The prayers were that the City of Dalton and the mayor and council be enjoined from trying to force the plaintiff to accept the other five defendants as police officers of the city, from interfering with the operation of the police department by giving any order, direction, or request that the five men report for duty as police officers, or wear the uniform of a police officer, or carry arms as a policeman; that the five men named be restrained from doing anything pertaining to the duties of policeman in the City of Dalton; for process, rule nisi; and for general relief.

By amendment, the plaintiff alleged: The charter amendment to the City of Dalton, approved on December 12, 1951, abolished the police department of the city. The new act, creating a new police department, provides that the number of officers thereof should be determined by the city council, and defines the duties of the office of chief of police, created by the amendment.
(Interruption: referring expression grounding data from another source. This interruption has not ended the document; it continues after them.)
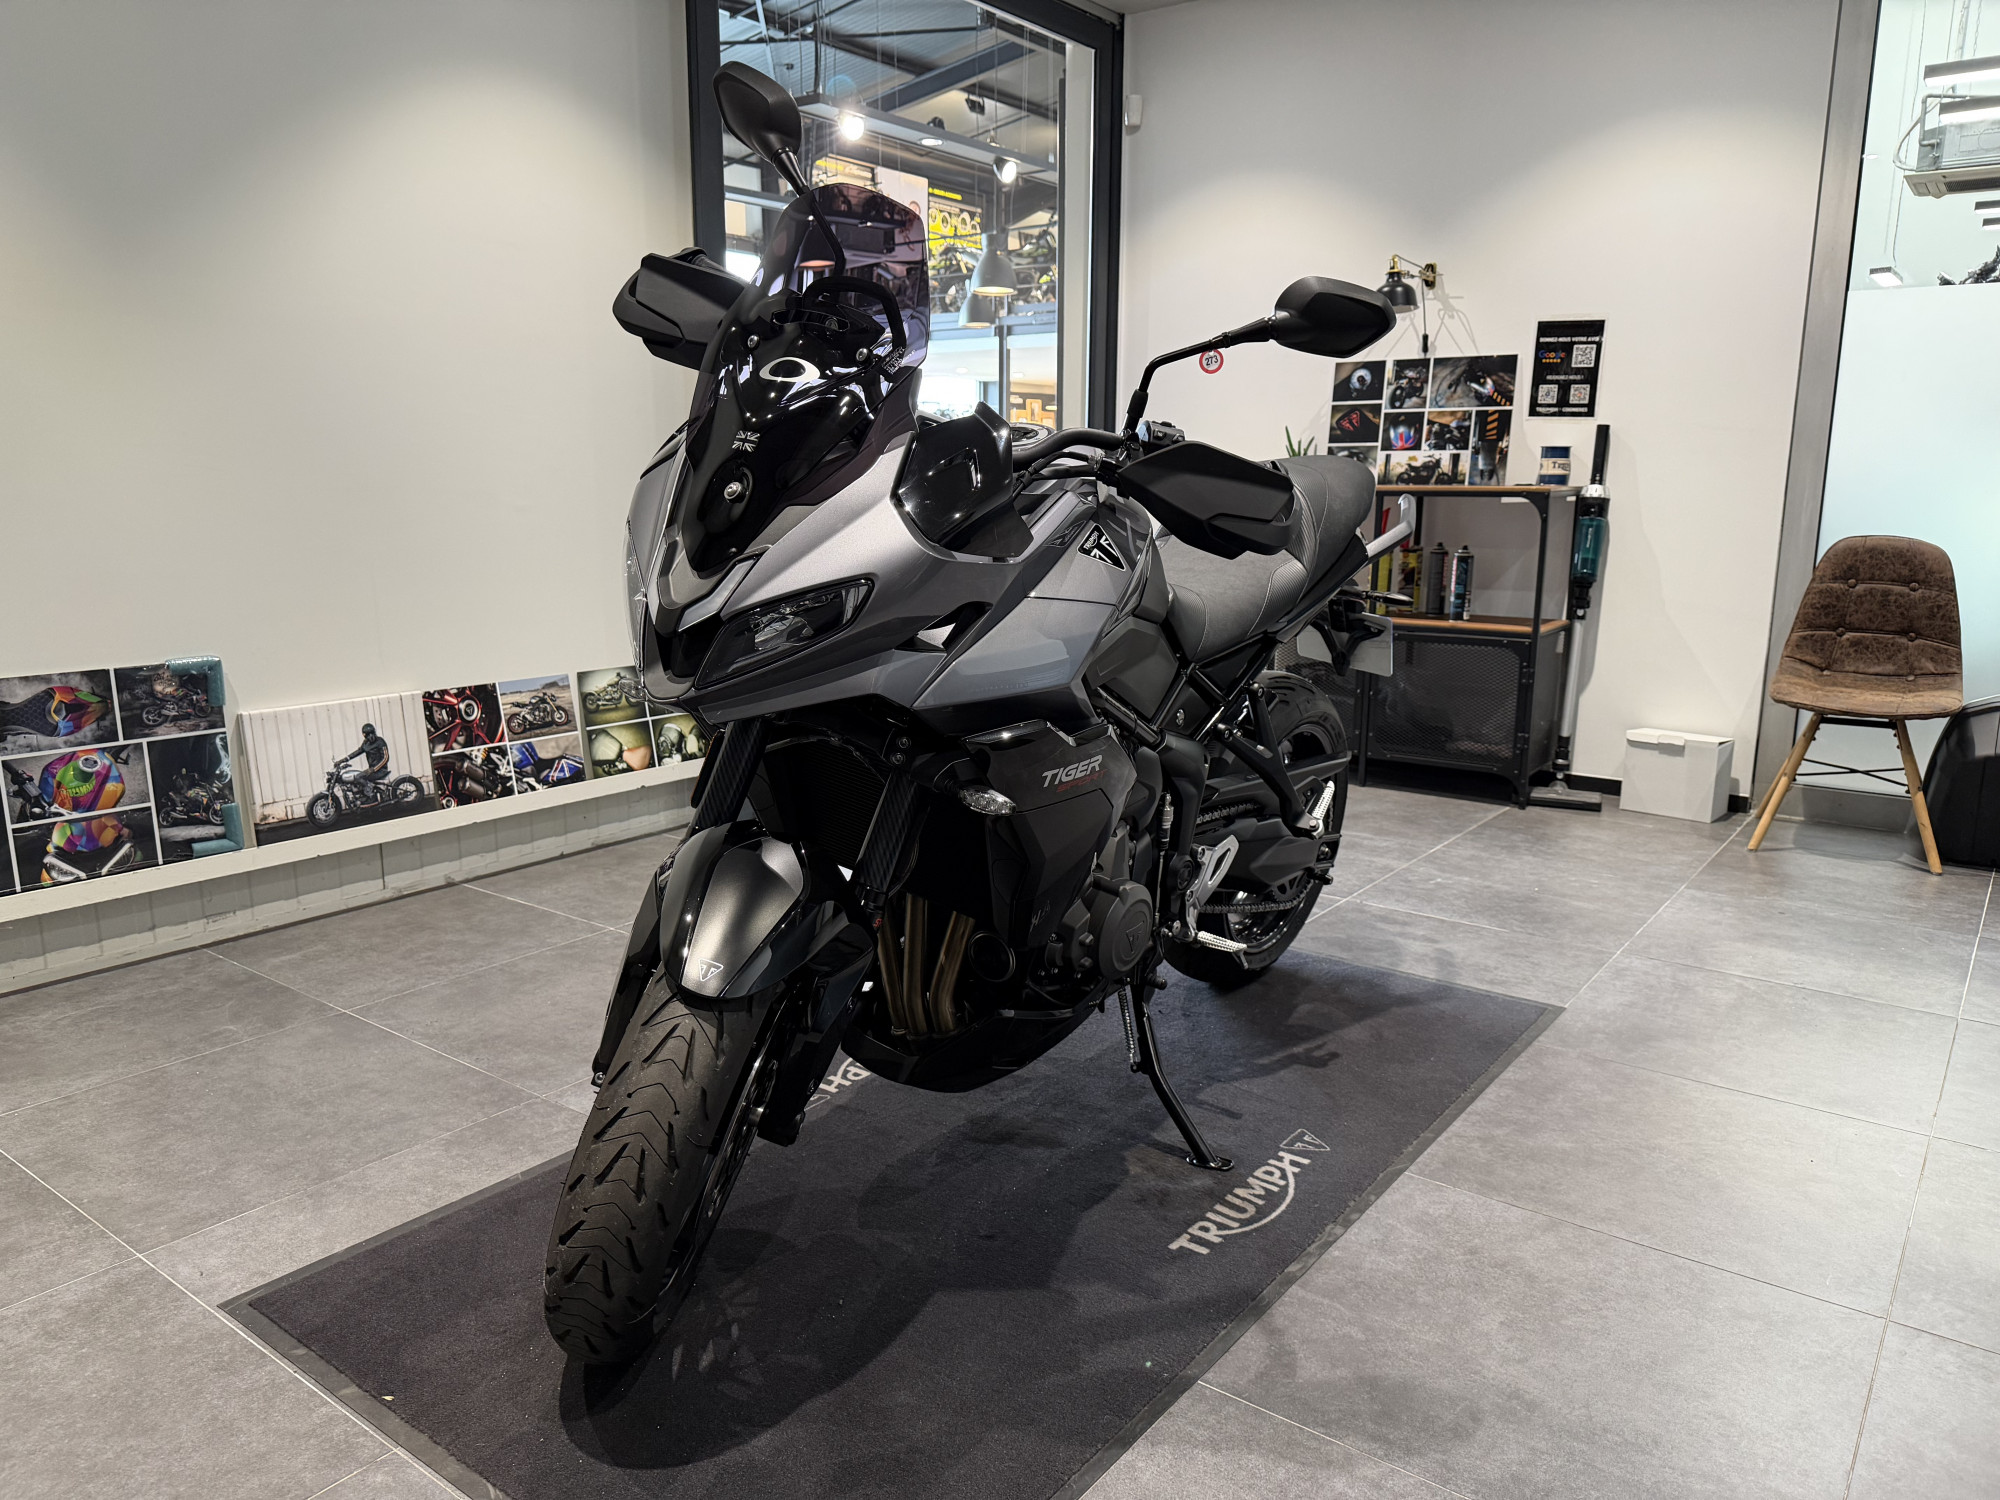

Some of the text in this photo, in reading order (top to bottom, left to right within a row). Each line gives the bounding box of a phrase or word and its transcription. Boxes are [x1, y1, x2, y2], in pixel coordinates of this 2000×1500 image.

[1539, 350, 1566, 359] Google
[1083, 530, 1099, 550] TRIUMPH
[1042, 754, 1103, 788] TIGER
[1056, 769, 1108, 793] SPORT
[1168, 1151, 1311, 1255] TRIUMPH
The City of Dalton and the mayor and council filed a joint answer, in which they denied the material allegations of the petition, and alleged that the tenure of office of the five policemen was specifically continued by section 5 of the amended charter, and that they were members of the police force on March 3, 1952. At a meeting of the civil service commission held on October 17, 1950, the plaintiff was called before the commission and questioned regarding fines and bonds collected by him and not transmitted to the city treasury. At that time the plaintiff admitted that he had been short in moneys belonging to the city. (Extracts from the minutes were set out, showing an investigation by the police commission.) After the meeting, the police commission notified the plaintiff that they would prefer charges against him and give him a hearing, if he wanted it. The plaintiff told the commission that he did not want a hearing, that he preferred to resign, that he did not want the public to know about what he had done. During discussions with the plaintiff over a considerable period of time, the police commission had urged him to control and discipline the men on his force, which he had failed to do. The failure to control and discipline the men was not of such immediate concern as the misappropriation of moneys belonging to the city, and it was under such circumstances that the plaintiff resigned as chief of police on November 7, 1950. (An alleged copy of his letter of resignation is set out.) The defendants admit that they directed the five men objected to by the plaintiff to report in the usual manner to serve as policemen for the city. Under the amendment to the charter, all policemen on the force on March 3, 1952, when the plaintiff became chief, remained as officers until removed as provided for by the amended act. The plaintiff refuses to assign duties to them or to recognize them as policemen.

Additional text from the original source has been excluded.